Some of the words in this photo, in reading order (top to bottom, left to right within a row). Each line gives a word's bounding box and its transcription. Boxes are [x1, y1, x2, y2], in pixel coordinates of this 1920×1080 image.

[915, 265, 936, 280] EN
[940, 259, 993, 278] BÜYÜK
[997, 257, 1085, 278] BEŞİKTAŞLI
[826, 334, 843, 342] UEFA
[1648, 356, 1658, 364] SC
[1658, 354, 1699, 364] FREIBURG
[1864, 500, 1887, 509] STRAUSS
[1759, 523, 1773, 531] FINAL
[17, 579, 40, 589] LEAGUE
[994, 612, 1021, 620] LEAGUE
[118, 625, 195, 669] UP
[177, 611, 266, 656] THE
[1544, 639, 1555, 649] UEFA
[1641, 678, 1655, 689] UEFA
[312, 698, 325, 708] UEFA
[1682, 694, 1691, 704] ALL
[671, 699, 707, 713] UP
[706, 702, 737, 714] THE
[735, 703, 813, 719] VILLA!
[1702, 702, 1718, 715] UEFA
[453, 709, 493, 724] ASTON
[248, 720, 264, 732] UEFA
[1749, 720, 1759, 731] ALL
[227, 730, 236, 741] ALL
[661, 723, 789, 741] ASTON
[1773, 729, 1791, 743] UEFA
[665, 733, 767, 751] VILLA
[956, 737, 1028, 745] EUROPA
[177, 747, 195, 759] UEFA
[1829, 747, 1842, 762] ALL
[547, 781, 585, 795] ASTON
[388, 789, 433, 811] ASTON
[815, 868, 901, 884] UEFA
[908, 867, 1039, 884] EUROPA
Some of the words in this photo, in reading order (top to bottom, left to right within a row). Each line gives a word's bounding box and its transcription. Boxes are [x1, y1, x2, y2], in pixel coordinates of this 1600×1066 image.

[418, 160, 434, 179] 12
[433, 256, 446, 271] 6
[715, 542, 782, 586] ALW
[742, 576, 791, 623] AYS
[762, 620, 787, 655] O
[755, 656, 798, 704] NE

Your objective | Every entry shown above should be transcribed without alteration.

Solution to this problem |
Some of the words in this photo, in reading order (top to bottom, left to right within a row). Each line gives a word's bounding box and its transcription. Boxes are [x1, y1, x2, y2], in pixel coordinates of this 1920×1080 image.

[915, 265, 936, 280] EN
[940, 259, 993, 278] BÜYÜK
[997, 257, 1085, 278] BEŞİKTAŞLI
[826, 334, 843, 342] UEFA
[1648, 356, 1658, 364] SC
[1658, 354, 1699, 364] FREIBURG
[1864, 500, 1887, 509] STRAUSS
[1759, 523, 1773, 531] FINAL
[17, 579, 40, 589] LEAGUE
[994, 612, 1021, 620] LEAGUE
[118, 625, 195, 669] UP
[177, 611, 266, 656] THE
[1544, 639, 1555, 649] UEFA
[1641, 678, 1655, 689] UEFA
[312, 698, 325, 708] UEFA
[1682, 694, 1691, 704] ALL
[671, 699, 707, 713] UP
[706, 702, 737, 714] THE
[735, 703, 813, 719] VILLA!
[1702, 702, 1718, 715] UEFA
[453, 709, 493, 724] ASTON
[248, 720, 264, 732] UEFA
[1749, 720, 1759, 731] ALL
[227, 730, 236, 741] ALL
[661, 723, 789, 741] ASTON
[1773, 729, 1791, 743] UEFA
[665, 733, 767, 751] VILLA
[956, 737, 1028, 745] EUROPA
[177, 747, 195, 759] UEFA
[1829, 747, 1842, 762] ALL
[547, 781, 585, 795] ASTON
[388, 789, 433, 811] ASTON
[815, 868, 901, 884] UEFA
[908, 867, 1039, 884] EUROPA
Some of the words in this photo, in reading order (top to bottom, left to right within a row). Each line gives a word's bounding box and its transcription. Boxes are [x1, y1, x2, y2], in pixel coordinates of this 1600×1066 image.

[418, 160, 434, 179] 12
[433, 256, 446, 271] 6
[715, 542, 782, 586] ALW
[742, 576, 791, 623] AYS
[762, 620, 787, 655] O
[755, 656, 798, 704] NE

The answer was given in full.